● **DESCRIPTION OF THE TASK**:
Restate the listing below word for word, omitting any images.

● **EXERCISE DATA**:
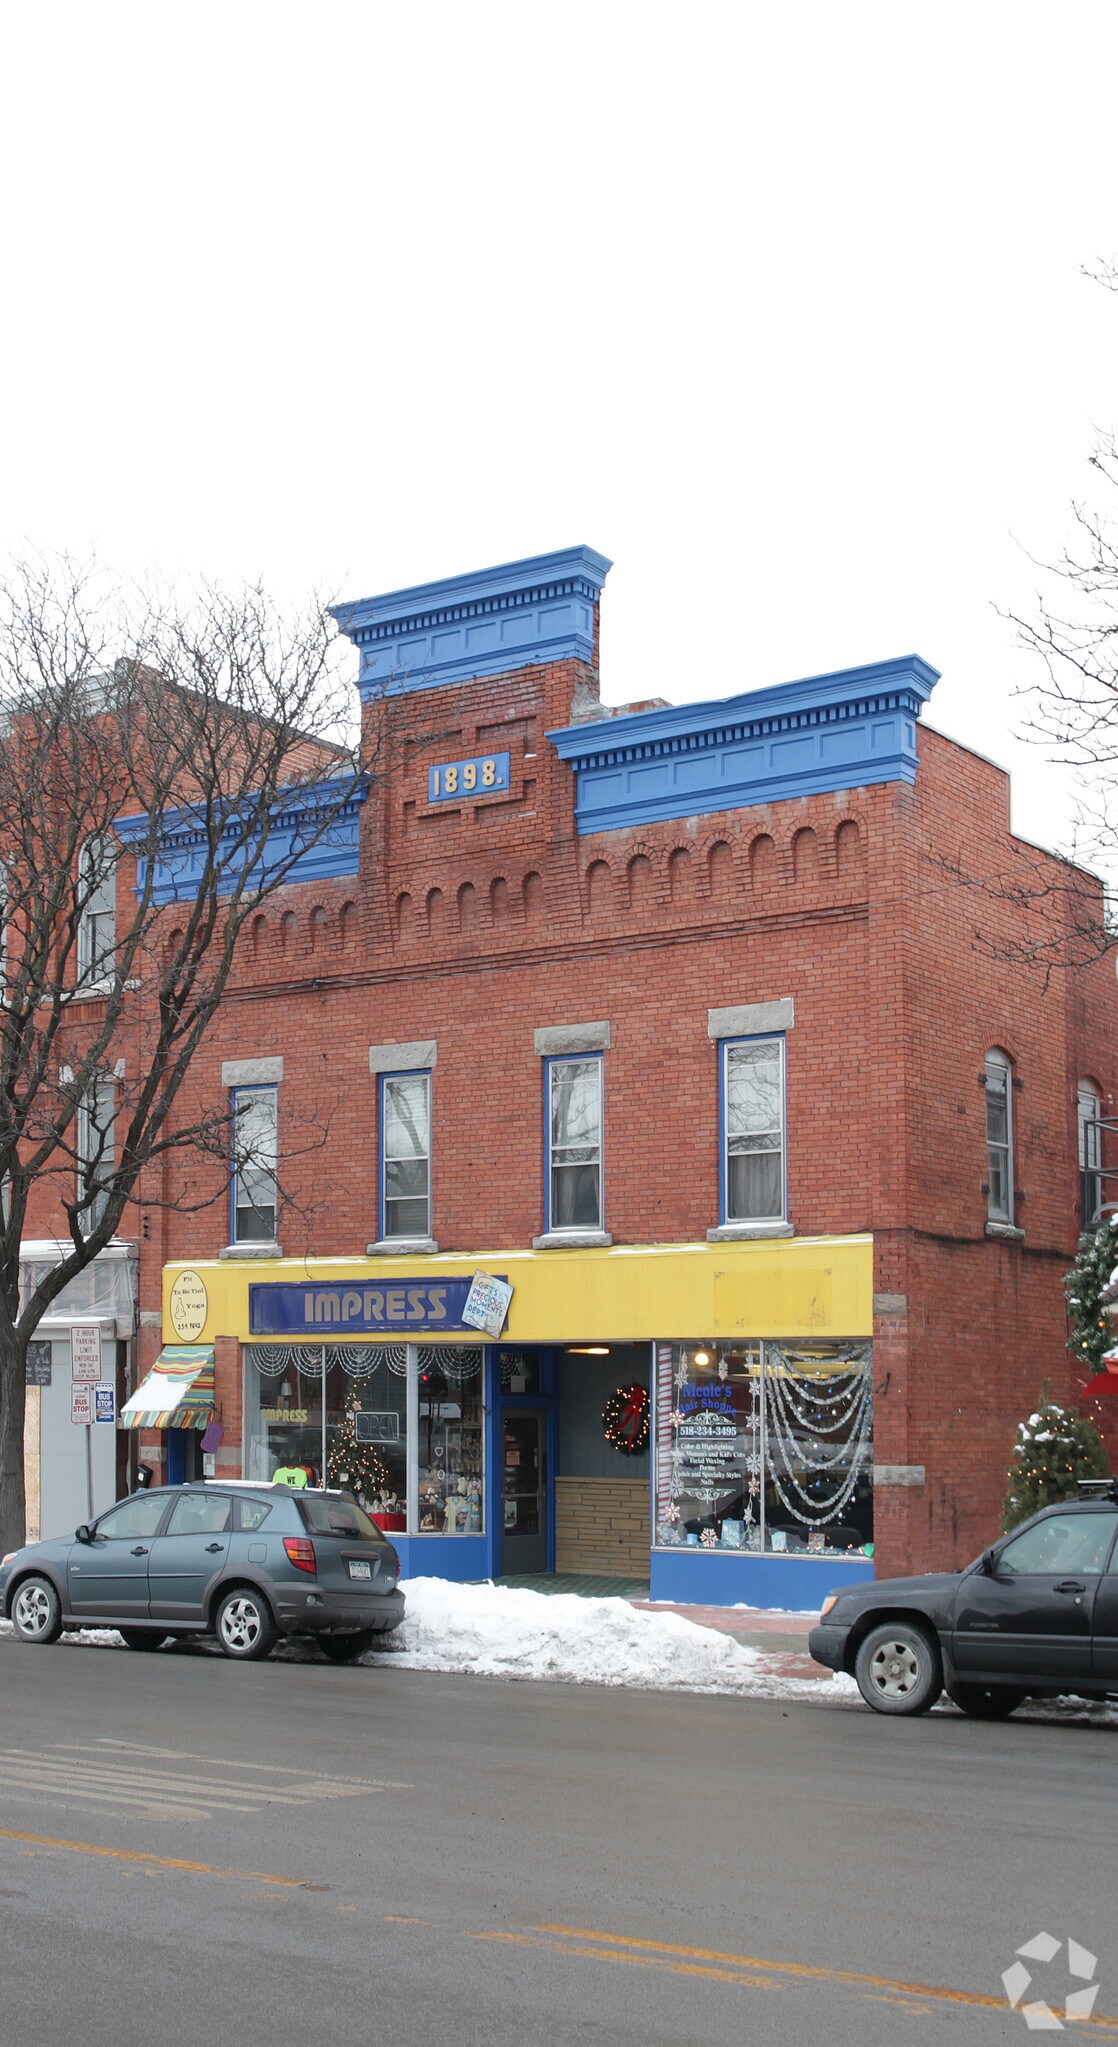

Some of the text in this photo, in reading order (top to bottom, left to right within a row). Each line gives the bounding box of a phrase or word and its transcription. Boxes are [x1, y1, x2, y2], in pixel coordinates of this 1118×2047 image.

[304, 1289, 447, 1322] IMPRESS
[471, 1295, 504, 1317] MOMENTS
[472, 1288, 504, 1309] PRECIOUS
[682, 1382, 732, 1398] Nicole's
[96, 1400, 113, 1408] STOP
[701, 1398, 738, 1416] Shoppe
[358, 1415, 398, 1440] OPEN
[680, 1426, 737, 1436] 518-234-3495
[701, 1443, 734, 1451] Highlighting
[705, 1458, 726, 1466] Waxing
[726, 1472, 742, 1480] Styles

● **ANSWER TO THE PROBLEM**:
Some of the text in this photo, in reading order (top to bottom, left to right within a row). Each line gives the bounding box of a phrase or word and its transcription. Boxes are [x1, y1, x2, y2], in pixel coordinates of this 1118×2047 image.

[304, 1289, 447, 1322] IMPRESS
[471, 1295, 504, 1317] MOMENTS
[472, 1288, 504, 1309] PRECIOUS
[682, 1382, 732, 1398] Nicole's
[96, 1400, 113, 1408] STOP
[701, 1398, 738, 1416] Shoppe
[358, 1415, 398, 1440] OPEN
[680, 1426, 737, 1436] 518-234-3495
[701, 1443, 734, 1451] Highlighting
[705, 1458, 726, 1466] Waxing
[726, 1472, 742, 1480] Styles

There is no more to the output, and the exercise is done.